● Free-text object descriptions

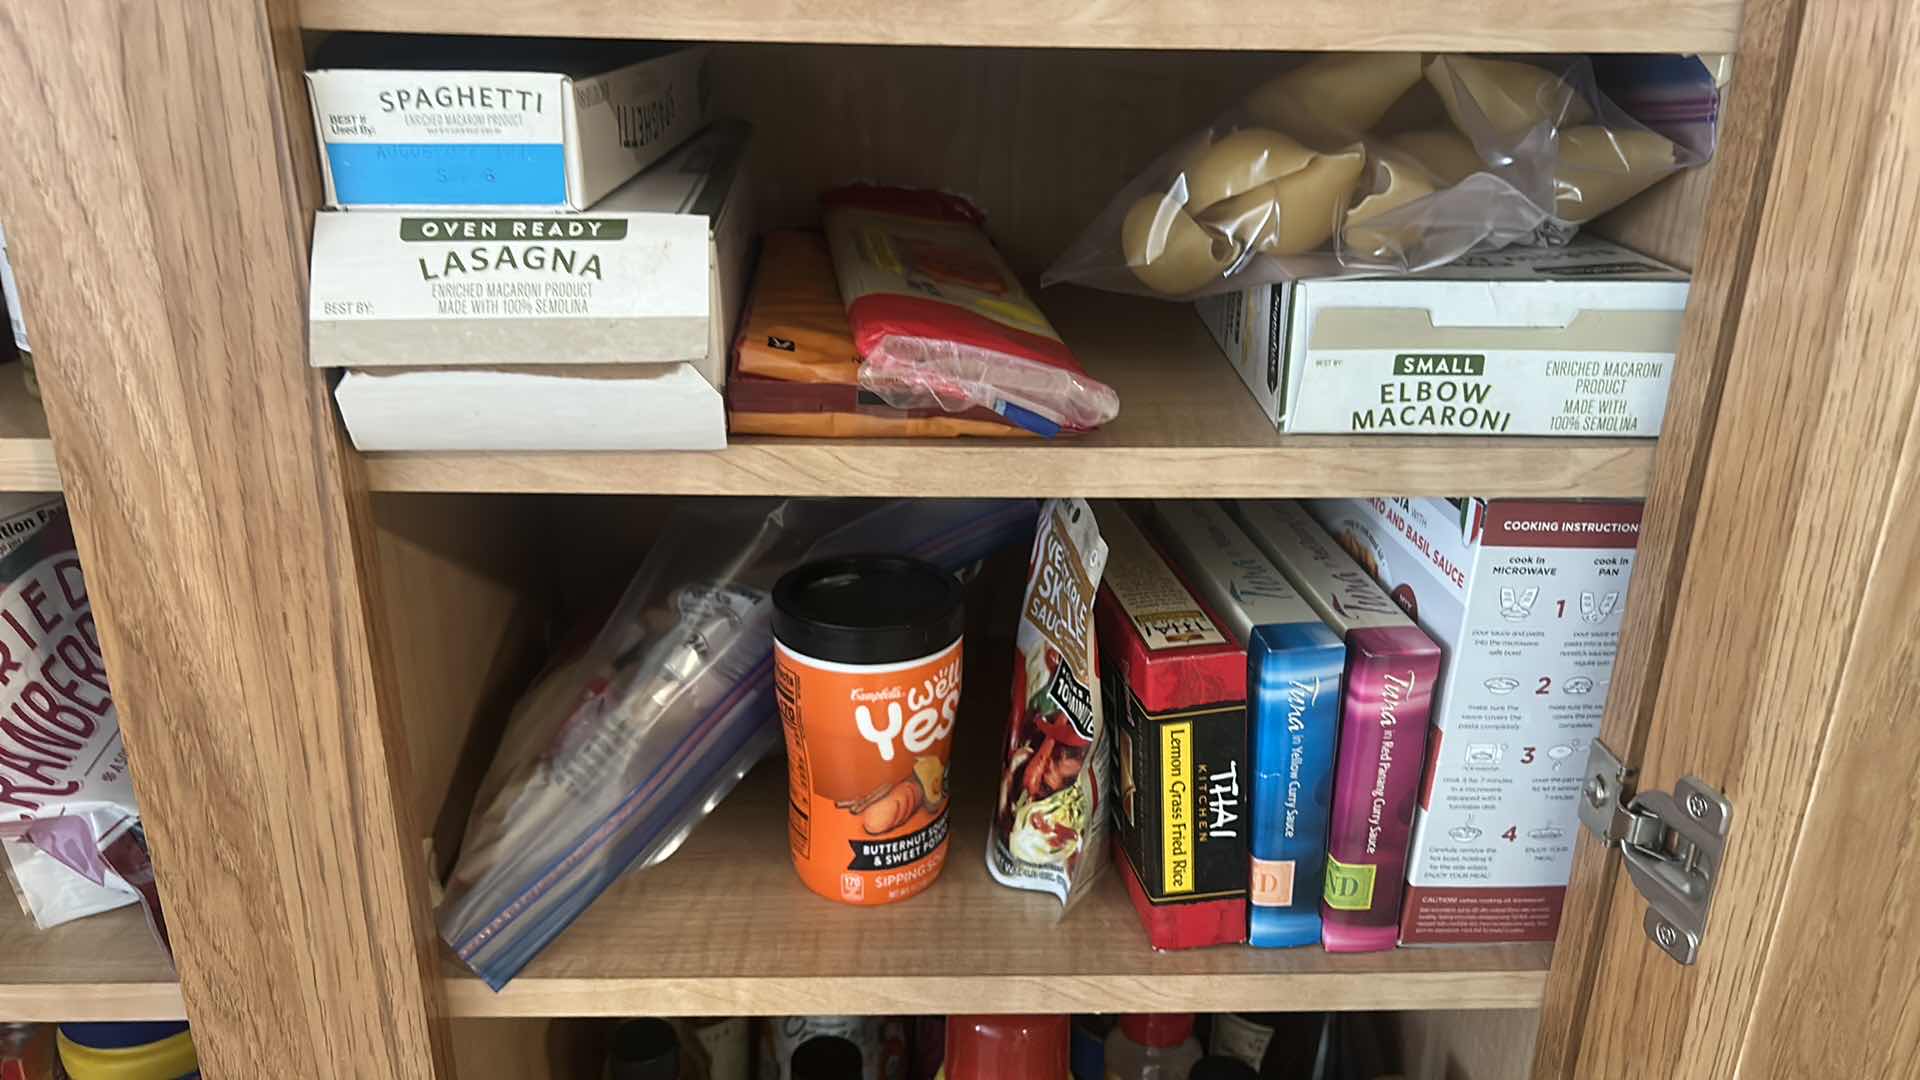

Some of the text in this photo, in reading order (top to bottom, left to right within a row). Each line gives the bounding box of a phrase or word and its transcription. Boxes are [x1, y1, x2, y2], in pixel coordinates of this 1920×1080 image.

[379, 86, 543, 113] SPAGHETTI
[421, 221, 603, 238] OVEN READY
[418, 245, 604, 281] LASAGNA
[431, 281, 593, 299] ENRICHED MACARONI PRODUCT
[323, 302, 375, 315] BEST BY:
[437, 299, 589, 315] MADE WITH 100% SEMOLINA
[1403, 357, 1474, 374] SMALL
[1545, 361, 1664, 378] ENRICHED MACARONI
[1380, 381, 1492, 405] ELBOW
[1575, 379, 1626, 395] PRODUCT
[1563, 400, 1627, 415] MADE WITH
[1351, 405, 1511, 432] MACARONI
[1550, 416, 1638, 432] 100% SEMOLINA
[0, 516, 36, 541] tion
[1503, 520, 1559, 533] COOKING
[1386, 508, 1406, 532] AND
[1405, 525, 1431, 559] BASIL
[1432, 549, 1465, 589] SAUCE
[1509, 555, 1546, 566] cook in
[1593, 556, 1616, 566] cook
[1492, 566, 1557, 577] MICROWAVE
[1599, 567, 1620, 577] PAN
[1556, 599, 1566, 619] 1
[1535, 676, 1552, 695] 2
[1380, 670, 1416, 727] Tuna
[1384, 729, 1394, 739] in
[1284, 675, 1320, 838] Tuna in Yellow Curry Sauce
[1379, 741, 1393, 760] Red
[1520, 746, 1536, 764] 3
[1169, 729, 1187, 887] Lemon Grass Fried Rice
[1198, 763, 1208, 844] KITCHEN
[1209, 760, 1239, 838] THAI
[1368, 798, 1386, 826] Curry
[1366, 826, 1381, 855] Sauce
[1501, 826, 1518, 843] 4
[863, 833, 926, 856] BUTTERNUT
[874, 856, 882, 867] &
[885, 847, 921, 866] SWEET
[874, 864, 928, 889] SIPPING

● ACTION ITEM
An exact copy of the records above is needed, with the pictures removed.

● EXERCISE ANSWER
Some of the text in this photo, in reading order (top to bottom, left to right within a row). Each line gives the bounding box of a phrase or word and its transcription. Boxes are [x1, y1, x2, y2], in pixel coordinates of this 1920×1080 image.

[379, 86, 543, 113] SPAGHETTI
[421, 221, 603, 238] OVEN READY
[418, 245, 604, 281] LASAGNA
[431, 281, 593, 299] ENRICHED MACARONI PRODUCT
[323, 302, 375, 315] BEST BY:
[437, 299, 589, 315] MADE WITH 100% SEMOLINA
[1403, 357, 1474, 374] SMALL
[1545, 361, 1664, 378] ENRICHED MACARONI
[1380, 381, 1492, 405] ELBOW
[1575, 379, 1626, 395] PRODUCT
[1563, 400, 1627, 415] MADE WITH
[1351, 405, 1511, 432] MACARONI
[1550, 416, 1638, 432] 100% SEMOLINA
[0, 516, 36, 541] tion
[1503, 520, 1559, 533] COOKING
[1386, 508, 1406, 532] AND
[1405, 525, 1431, 559] BASIL
[1432, 549, 1465, 589] SAUCE
[1509, 555, 1546, 566] cook in
[1593, 556, 1616, 566] cook
[1492, 566, 1557, 577] MICROWAVE
[1599, 567, 1620, 577] PAN
[1556, 599, 1566, 619] 1
[1535, 676, 1552, 695] 2
[1380, 670, 1416, 727] Tuna
[1384, 729, 1394, 739] in
[1284, 675, 1320, 838] Tuna in Yellow Curry Sauce
[1379, 741, 1393, 760] Red
[1520, 746, 1536, 764] 3
[1169, 729, 1187, 887] Lemon Grass Fried Rice
[1198, 763, 1208, 844] KITCHEN
[1209, 760, 1239, 838] THAI
[1368, 798, 1386, 826] Curry
[1366, 826, 1381, 855] Sauce
[1501, 826, 1518, 843] 4
[863, 833, 926, 856] BUTTERNUT
[874, 856, 882, 867] &
[885, 847, 921, 866] SWEET
[874, 864, 928, 889] SIPPING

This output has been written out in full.